Diese kurze Aufzählung beweist, dass der AMLA-Zuschlag für Frankfurt alles andere als ein Selbstläufer war. Insbesondere der Bundesregierung muss man zuerkennen, dass sie – anders als beim Wettbewerb um den Sitz der EU-Bankenaufsichtsbehörde EBA, die sich Paris bei der Abstimmung 2017 angelte – dieses Mal mit vollem Einsatz unterwegs gewesen ist.

Bei aller Freude über den Erfolg sollte aber niemand aus dem Blick verlieren, dass es hier nicht um einen sportlichen Wettbewerb geht, den Deutschland nun für sich entschieden hat. Sondern um ein Versprechen gegenüber den EU-Partnern, in Europa Geldwäsche endlich effektiver zu bekämpfen als das, insbesondere hierzulande, bislang geschehen ist. Deutschland hat sich viel vorgenommen, unter anderem den Aufbau einer Bundesbehörde neben der AMLA und den Ausbau der personellen Kapazitäten. Das ist dringend nötig, denn hinter Geldwäsche stecken die widerlichsten Verbrechen – und ein Finanzplatz, der im Kampf gegen Geldwäsche halbherzig vorgeht, muss sich zu Recht harte Vorwürfe machen lassen. Der Zuschlag für den AMLA-Sitz in Frankfurt ist der Vertrauensvorschuss der EU-Partner, dass es Deutschland wirklich ernst meint mit seinen ambitionierten Ansagen, wie sie im Zuge der Präsentationen gemacht wurden.
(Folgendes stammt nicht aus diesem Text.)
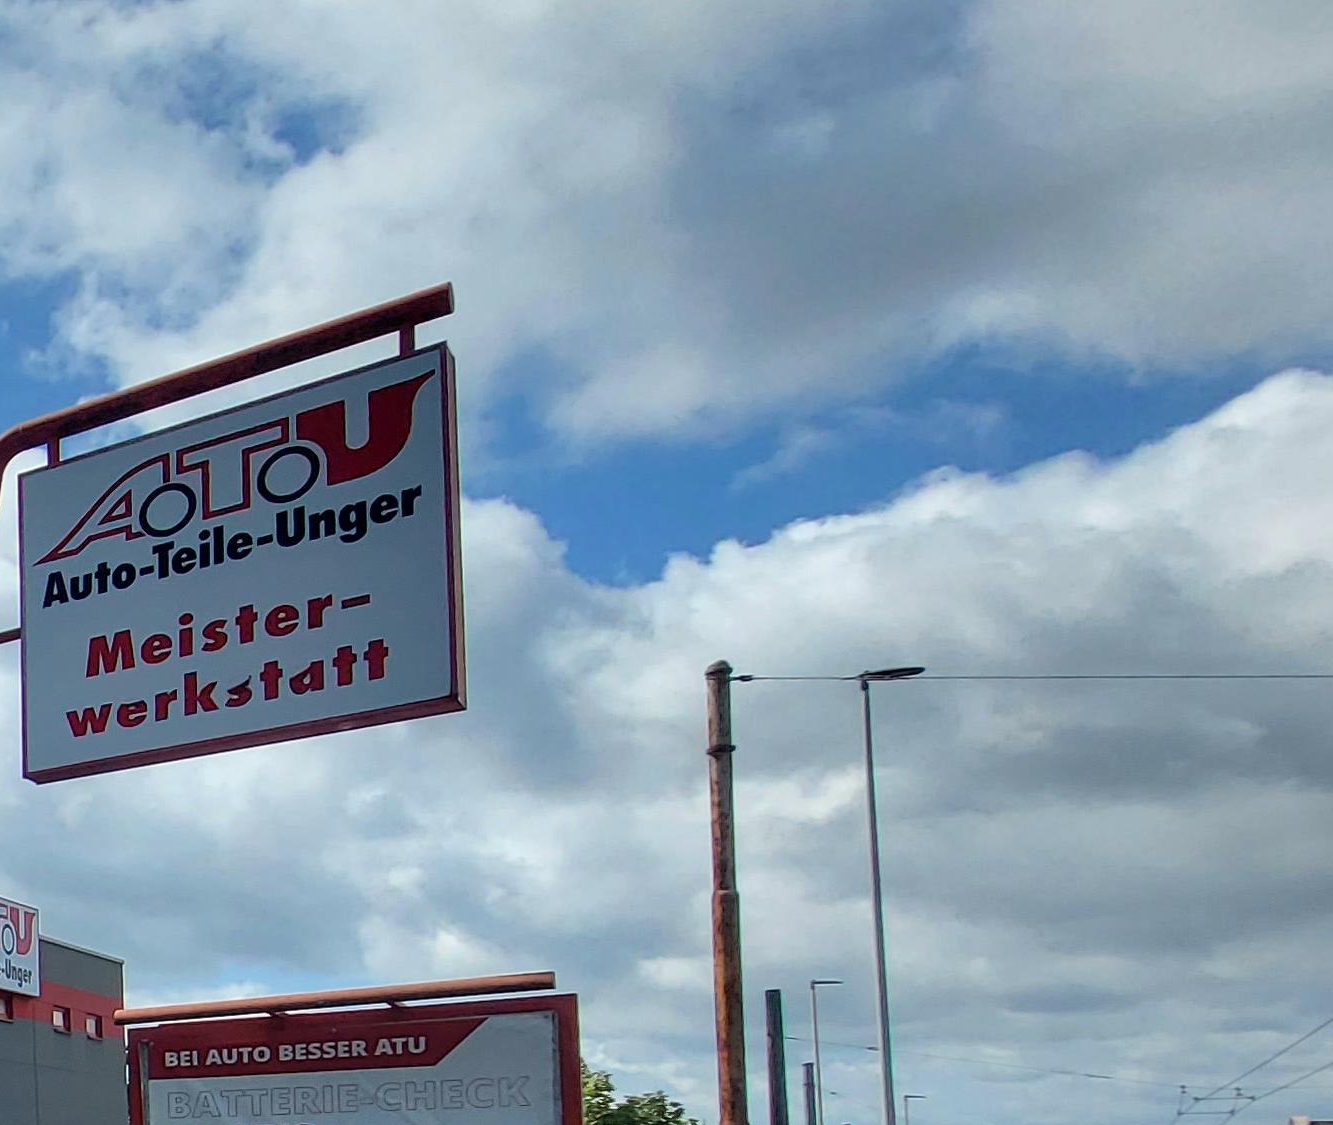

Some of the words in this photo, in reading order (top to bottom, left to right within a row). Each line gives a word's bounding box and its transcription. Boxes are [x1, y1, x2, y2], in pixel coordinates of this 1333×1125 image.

[35, 369, 436, 566] ATU
[42, 484, 422, 609] Auto-Teile-Unger
[85, 592, 371, 678] Meister-
[66, 638, 389, 738] werkstatt
[164, 1050, 199, 1068] BEI
[205, 1046, 271, 1065] AUTO
[278, 1040, 367, 1061] BESSER
[373, 1036, 427, 1056] ATU
[167, 1075, 532, 1120] BATTERIE-CHECK
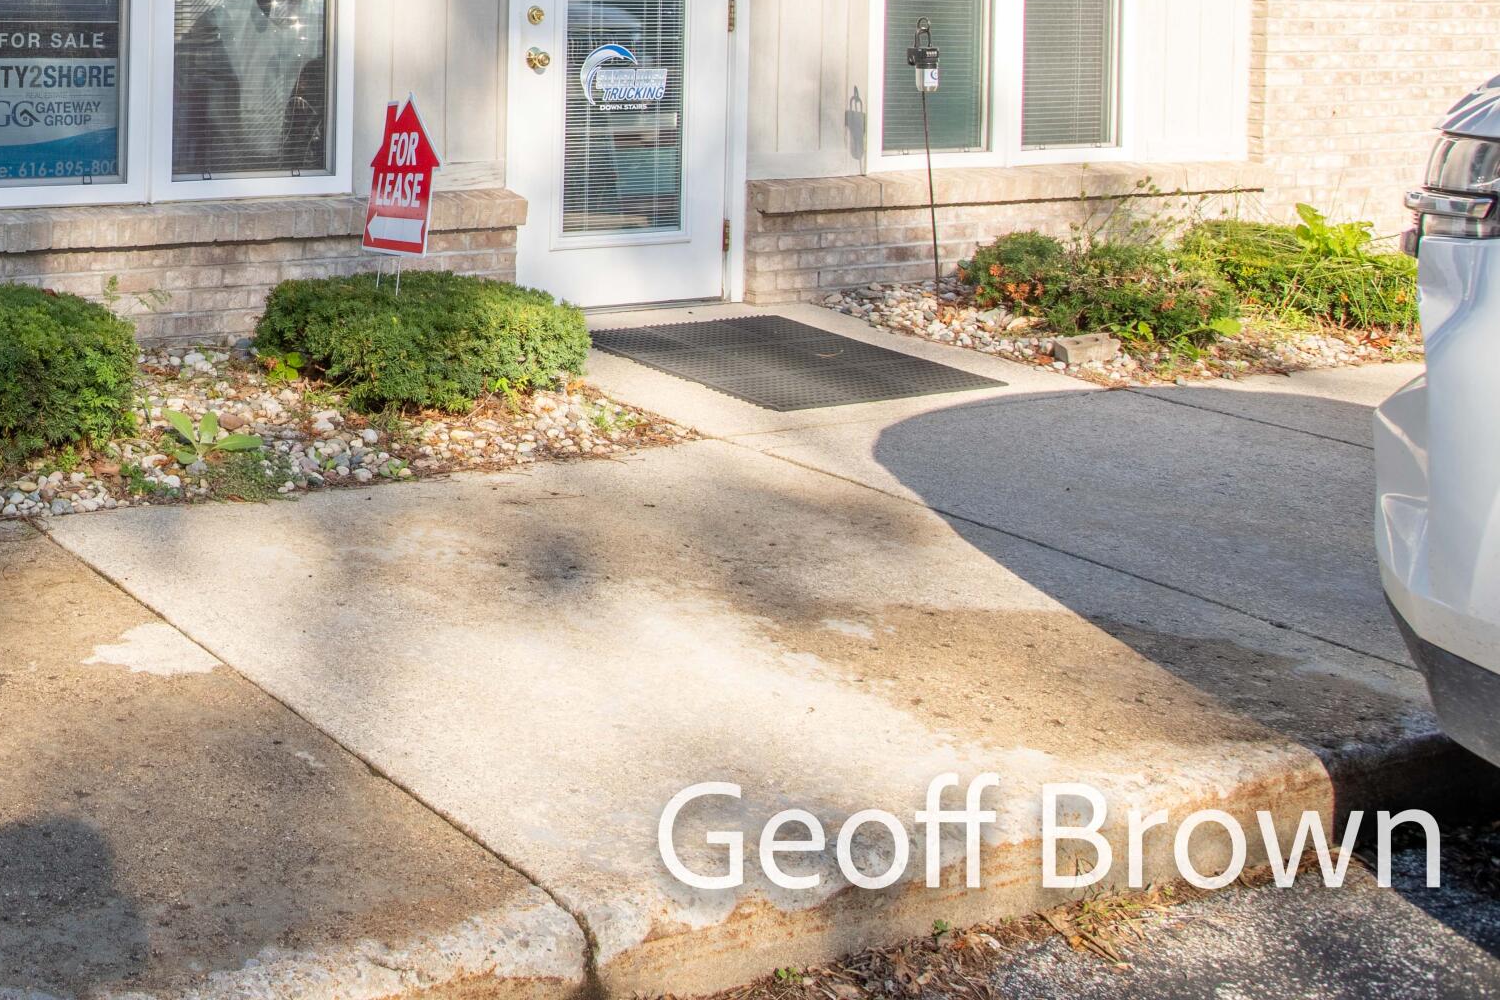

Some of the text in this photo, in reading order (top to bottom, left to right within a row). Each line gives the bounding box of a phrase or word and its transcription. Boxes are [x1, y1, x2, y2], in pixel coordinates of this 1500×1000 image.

[50, 31, 105, 49] SALE
[603, 86, 665, 100] TRUCKING
[35, 101, 101, 114] GATEWAY
[44, 114, 92, 126] GROUP
[387, 131, 420, 167] FOR
[375, 172, 425, 208] LEASE
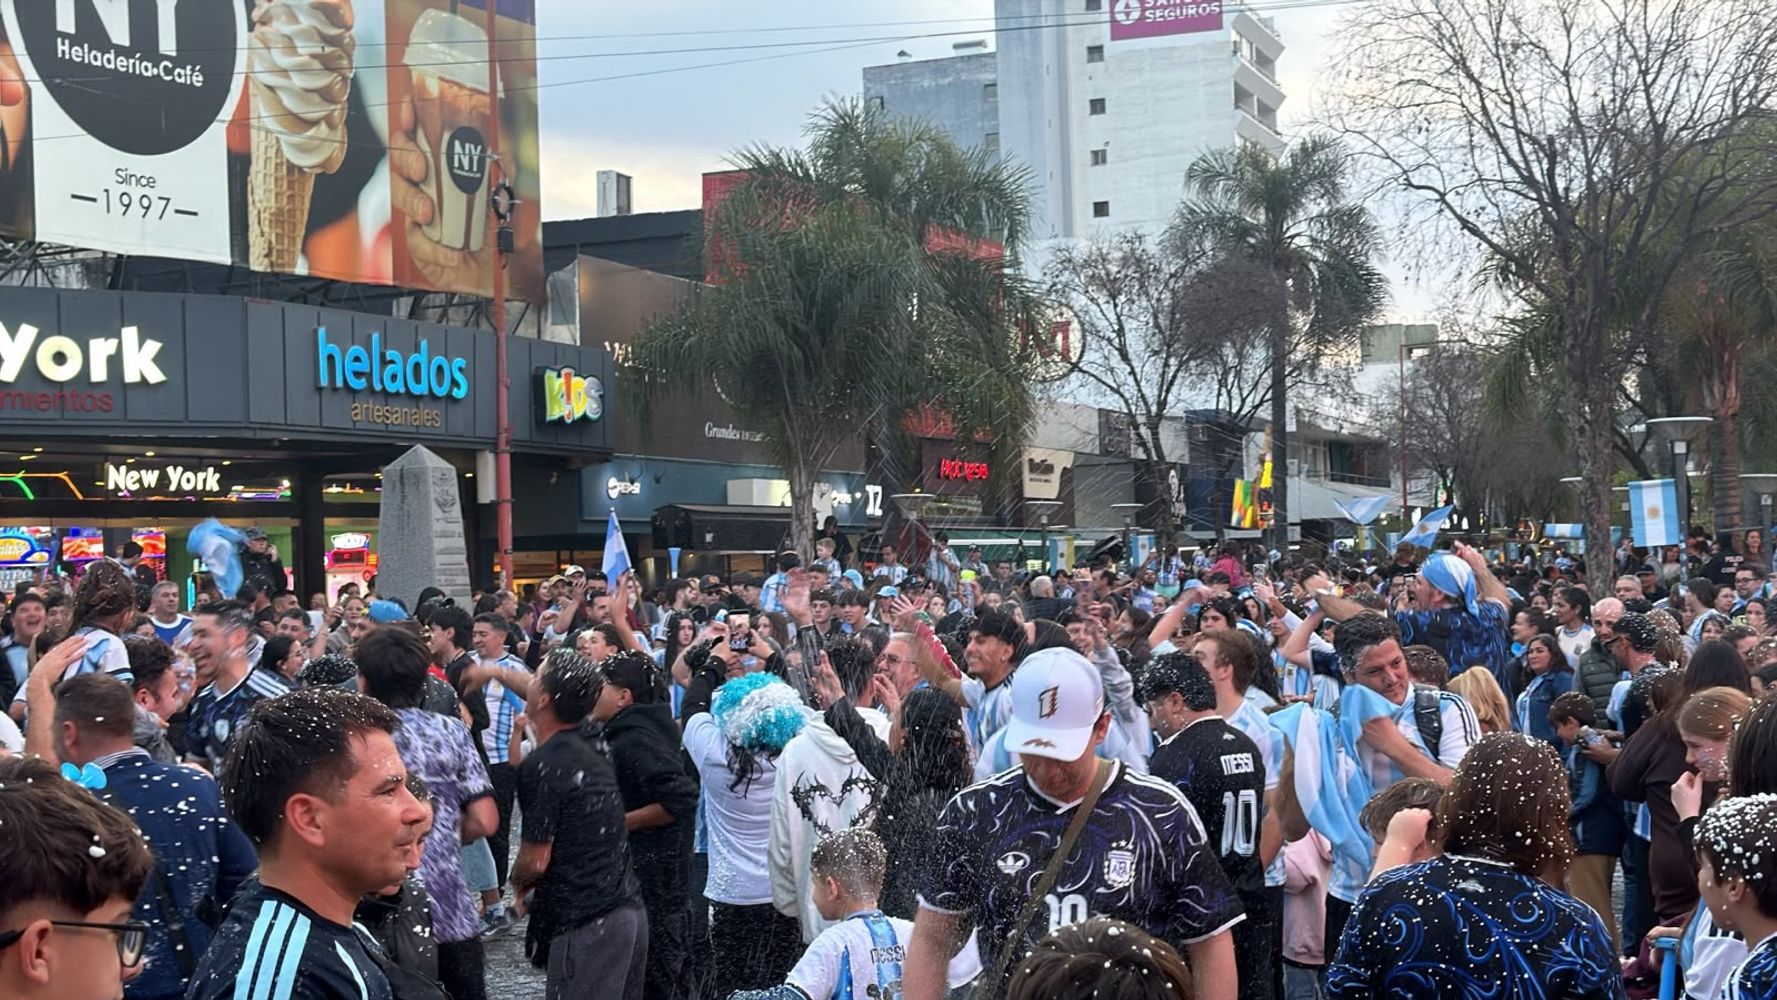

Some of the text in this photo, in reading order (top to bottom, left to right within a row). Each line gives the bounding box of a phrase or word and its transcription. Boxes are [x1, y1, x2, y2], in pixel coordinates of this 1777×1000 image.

Im Gegenzug profitiert der Finanzplatz am Main ungemein von der Ansiedlung der EU-Behörde. Nicht so sehr wegen der 400 Arbeitsplätze, die in der Stadt entstehen. Und auch nicht so sehr wegen des Prestiges, sich beim Schaulaufen in Brüssel durchgesetzt zu haben. Sondern weil für Banken, Fonds und Unternehmen die Nähe zu Aufsehern und Regulierern in Zeiten engmaschiger Regulierung ständig an Bedeutung gewinnt. Compliance, also die Einhaltung der rechtlichen Vorgaben, ist längst zu einer Königsdisziplin in Banken geworden. Und Compliance funktioniert schon lange interaktiv. Etwa, indem sich Banken mit Behörden, Fachkräfte mit Fachbeamten, im stetigen und im besten Falle persönlichen Kontakt darüber austauschen, wie bestimmte Rechtsbegriffe und Anforderungen zu verstehen sind. Nicht, indem ein Aufseher nachträglich begutachtet, was ein Kreditinstitut nach eigener Auslegung der Regeln (falsch) gemacht hat. Das gilt insbesondere für so sensible Themen wie Geldwäscheprävention. Denn die bergen nicht nur das Risiko behördlicher Sanktionen, sondern in viel bedrohlicherem Ausmaß auch von Reputationsschäden.

Die Ansiedlung der Anti-Geldwäsche-Behörde der EU schärft Frankfurts Profil als Stadt der kurzen Wege und des direkten Austauschs mit den Aufsehern. Genau deswegen verstärkt die Ansiedlung der AMLA den Sog, der von "Europas Behörden-Hauptstadt" auf Finanzdienstleister ausgeht.

Die Ansiedlung der Anti-Geldwäsche-Behörde verstärkt den Sog von "Europas Behörden-Hauptstadt" auf Banken.